(Records excerpted from a collection)
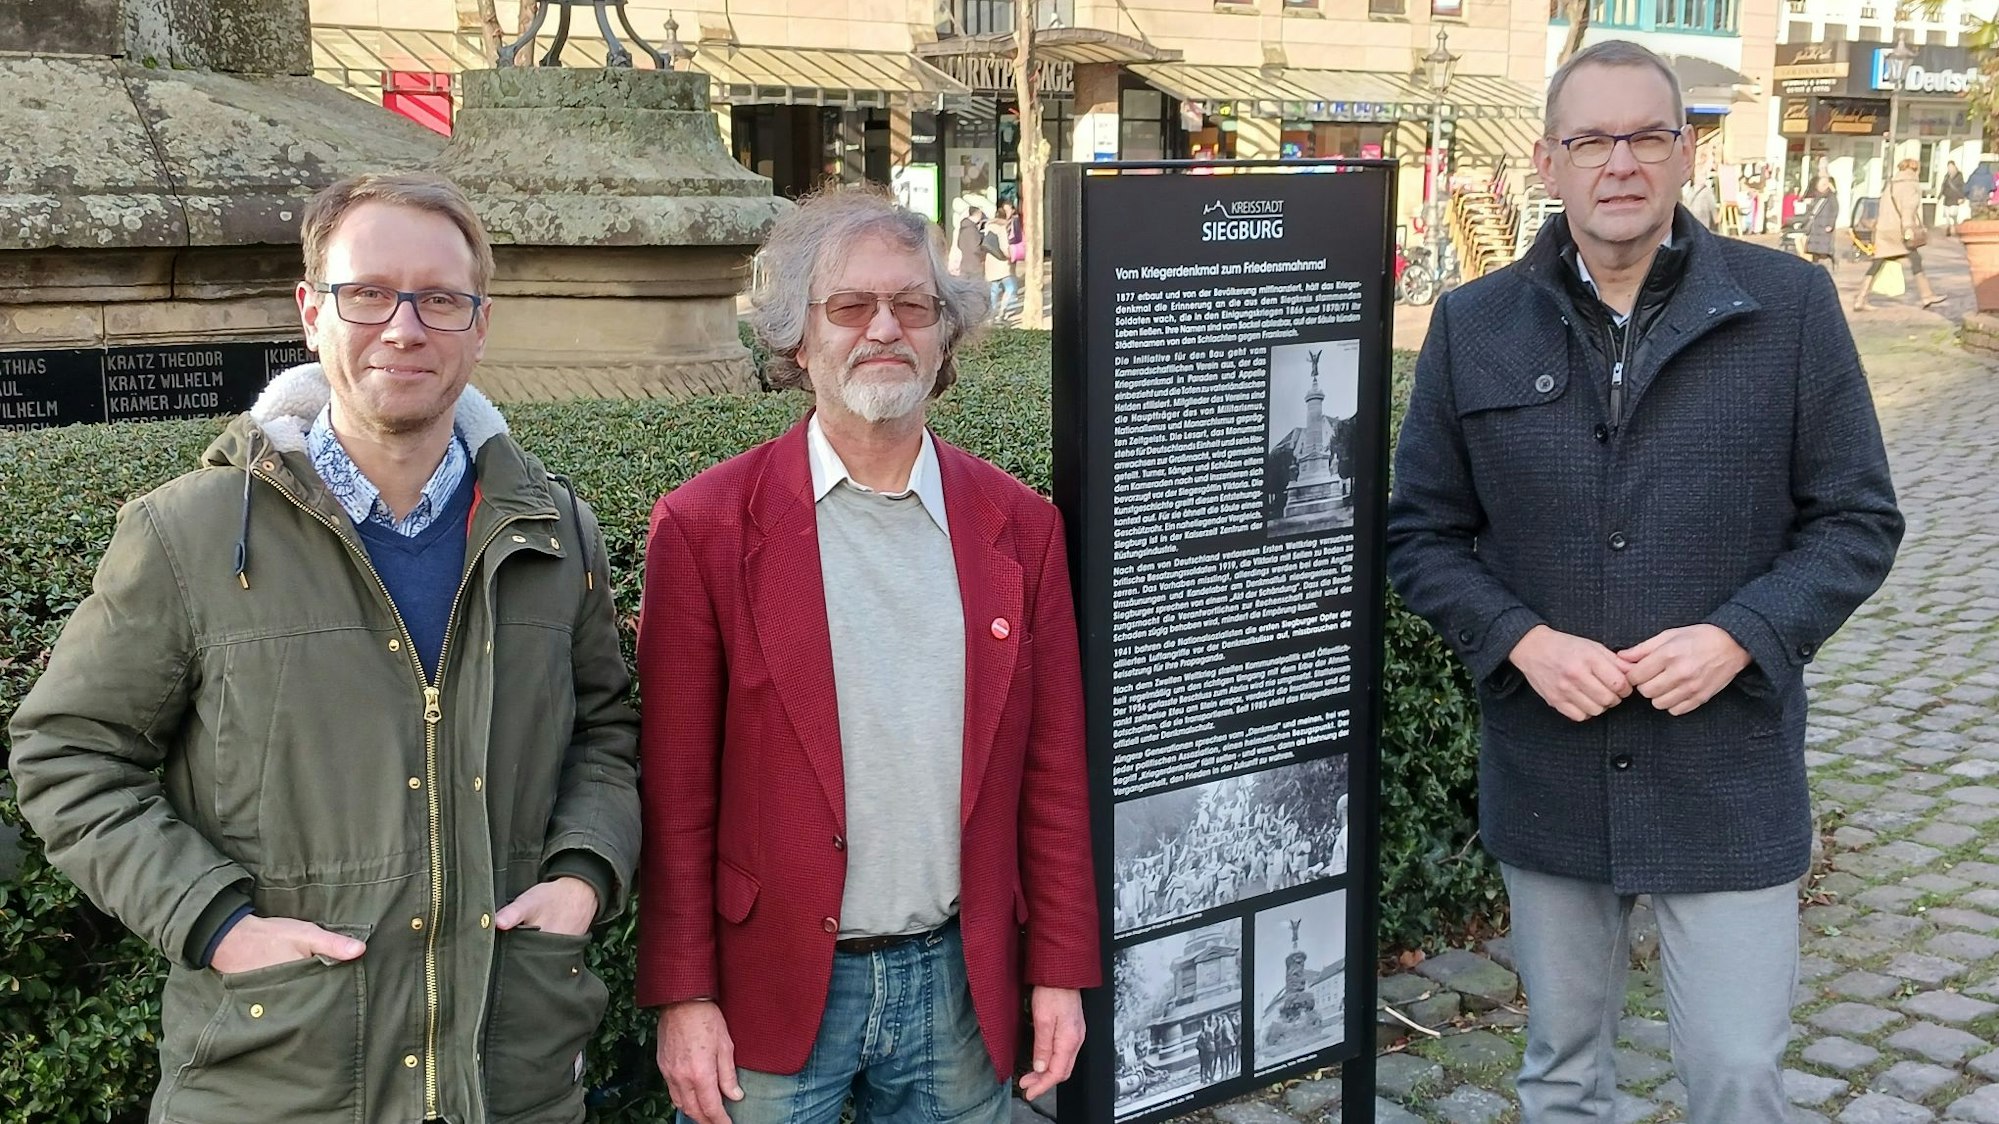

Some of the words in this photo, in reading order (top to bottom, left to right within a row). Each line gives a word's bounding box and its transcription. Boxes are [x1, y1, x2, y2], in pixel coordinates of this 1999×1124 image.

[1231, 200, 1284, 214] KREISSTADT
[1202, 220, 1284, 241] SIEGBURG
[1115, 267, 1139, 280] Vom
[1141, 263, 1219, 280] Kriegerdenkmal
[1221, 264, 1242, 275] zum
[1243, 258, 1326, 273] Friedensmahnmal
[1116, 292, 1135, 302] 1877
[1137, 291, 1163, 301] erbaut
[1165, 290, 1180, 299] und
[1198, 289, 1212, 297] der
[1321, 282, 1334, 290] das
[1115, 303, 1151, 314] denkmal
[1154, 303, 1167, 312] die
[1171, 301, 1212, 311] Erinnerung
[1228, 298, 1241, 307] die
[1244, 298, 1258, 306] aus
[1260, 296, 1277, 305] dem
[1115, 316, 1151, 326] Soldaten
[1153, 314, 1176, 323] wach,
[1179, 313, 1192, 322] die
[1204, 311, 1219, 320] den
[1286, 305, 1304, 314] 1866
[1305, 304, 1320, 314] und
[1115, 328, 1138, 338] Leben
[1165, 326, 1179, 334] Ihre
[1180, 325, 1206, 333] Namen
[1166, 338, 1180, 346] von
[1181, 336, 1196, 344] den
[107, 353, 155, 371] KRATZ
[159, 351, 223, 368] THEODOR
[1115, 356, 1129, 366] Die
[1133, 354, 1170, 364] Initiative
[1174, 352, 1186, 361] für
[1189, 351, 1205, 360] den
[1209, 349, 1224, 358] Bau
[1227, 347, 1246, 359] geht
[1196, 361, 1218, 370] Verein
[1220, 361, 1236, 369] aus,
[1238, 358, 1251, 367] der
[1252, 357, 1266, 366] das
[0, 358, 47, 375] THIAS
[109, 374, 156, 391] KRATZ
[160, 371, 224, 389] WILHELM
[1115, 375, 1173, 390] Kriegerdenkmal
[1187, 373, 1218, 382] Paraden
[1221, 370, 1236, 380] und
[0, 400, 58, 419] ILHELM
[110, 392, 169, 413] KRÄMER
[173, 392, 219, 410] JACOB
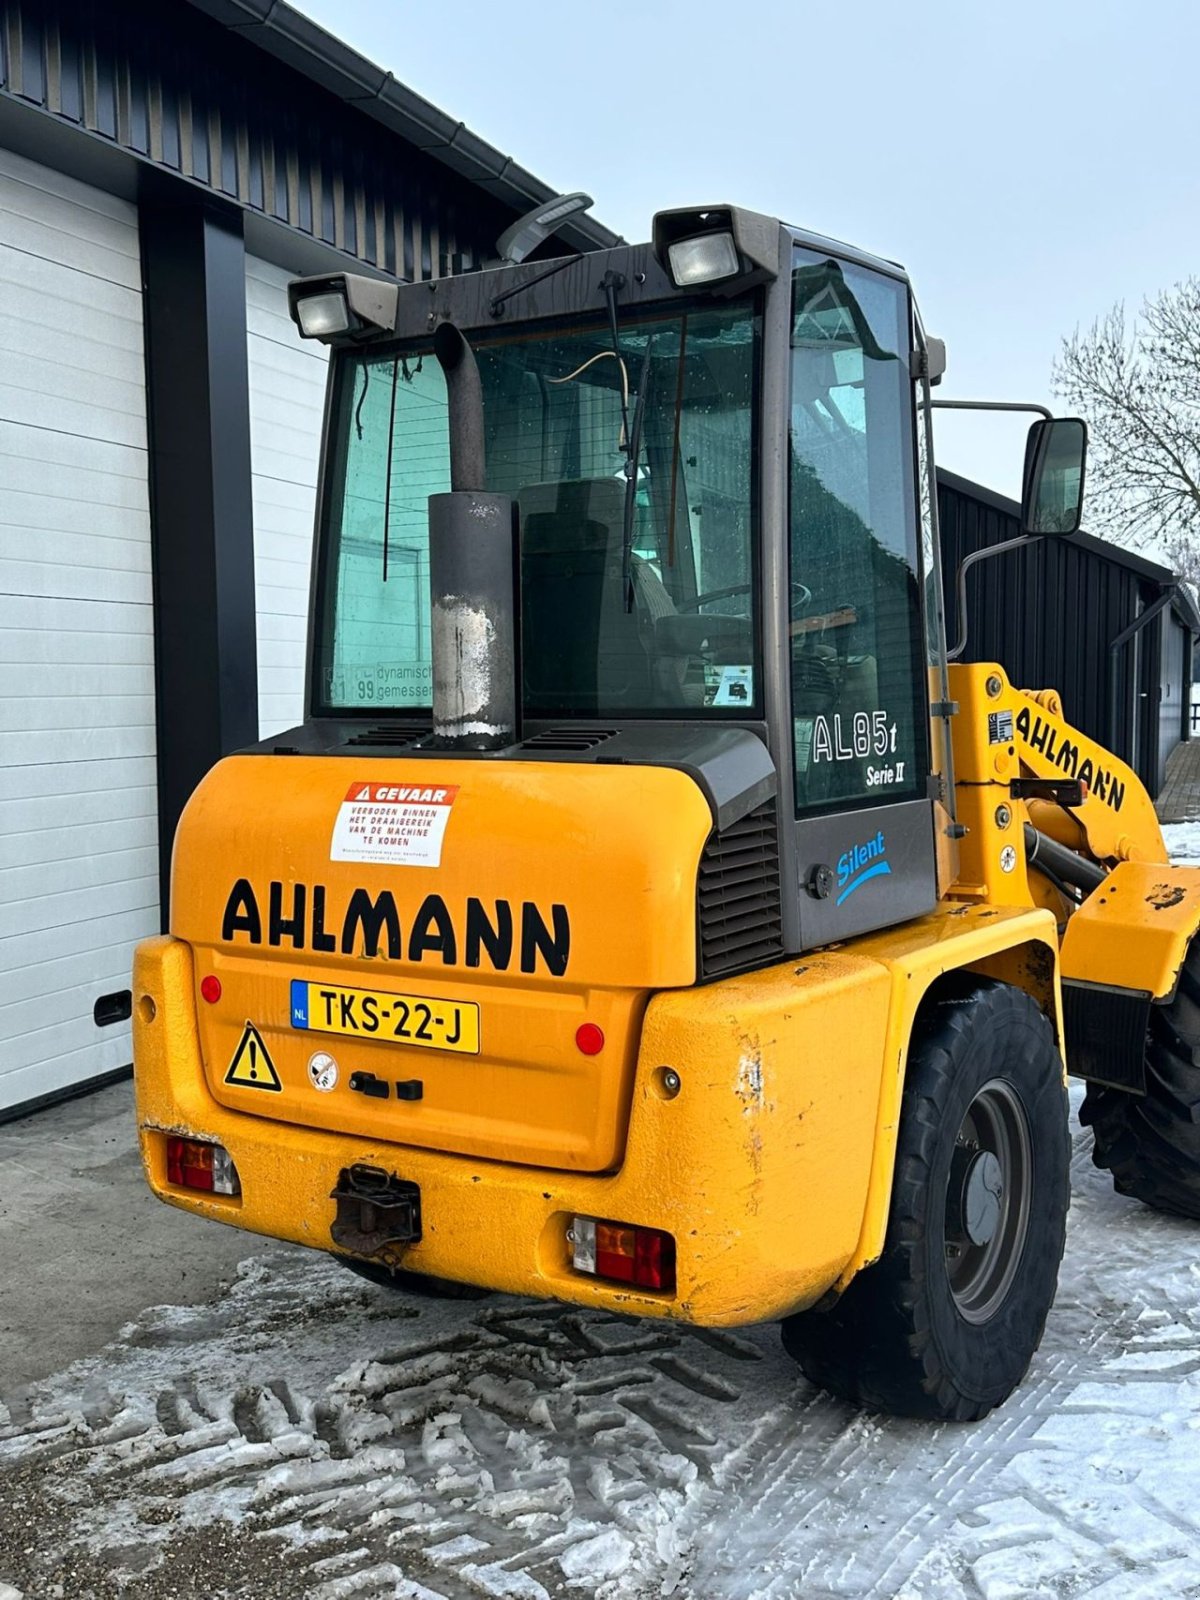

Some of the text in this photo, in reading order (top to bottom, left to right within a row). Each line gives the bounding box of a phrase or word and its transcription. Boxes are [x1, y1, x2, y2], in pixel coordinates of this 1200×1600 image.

• **Assigned task**
Give all the records again, exactly, without images.

• **Problem solution**
Some of the words in this photo, in reading order (top to bottom, left to right within a row). Each line gives a word's bounding box and its transcription. Boxes are [x1, y1, x2, y2], in pixel coordinates of this 1999×1124 image.

[1231, 200, 1284, 214] KREISSTADT
[1202, 220, 1284, 241] SIEGBURG
[1115, 267, 1139, 280] Vom
[1141, 263, 1219, 280] Kriegerdenkmal
[1221, 264, 1242, 275] zum
[1243, 258, 1326, 273] Friedensmahnmal
[1116, 292, 1135, 302] 1877
[1137, 291, 1163, 301] erbaut
[1165, 290, 1180, 299] und
[1198, 289, 1212, 297] der
[1321, 282, 1334, 290] das
[1115, 303, 1151, 314] denkmal
[1154, 303, 1167, 312] die
[1171, 301, 1212, 311] Erinnerung
[1228, 298, 1241, 307] die
[1244, 298, 1258, 306] aus
[1260, 296, 1277, 305] dem
[1115, 316, 1151, 326] Soldaten
[1153, 314, 1176, 323] wach,
[1179, 313, 1192, 322] die
[1204, 311, 1219, 320] den
[1286, 305, 1304, 314] 1866
[1305, 304, 1320, 314] und
[1115, 328, 1138, 338] Leben
[1165, 326, 1179, 334] Ihre
[1180, 325, 1206, 333] Namen
[1166, 338, 1180, 346] von
[1181, 336, 1196, 344] den
[107, 353, 155, 371] KRATZ
[159, 351, 223, 368] THEODOR
[1115, 356, 1129, 366] Die
[1133, 354, 1170, 364] Initiative
[1174, 352, 1186, 361] für
[1189, 351, 1205, 360] den
[1209, 349, 1224, 358] Bau
[1227, 347, 1246, 359] geht
[1196, 361, 1218, 370] Verein
[1220, 361, 1236, 369] aus,
[1238, 358, 1251, 367] der
[1252, 357, 1266, 366] das
[0, 358, 47, 375] THIAS
[109, 374, 156, 391] KRATZ
[160, 371, 224, 389] WILHELM
[1115, 375, 1173, 390] Kriegerdenkmal
[1187, 373, 1218, 382] Paraden
[1221, 370, 1236, 380] und
[0, 400, 58, 419] ILHELM
[110, 392, 169, 413] KRÄMER
[173, 392, 219, 410] JACOB

Some of the text in this photo, in reading order (top to bottom, left to right within a row). Each line gives the bounding box of a phrase or word and its transcription. Boxes are [x1, y1, x2, y2], in pixel coordinates of this 1200×1600 image.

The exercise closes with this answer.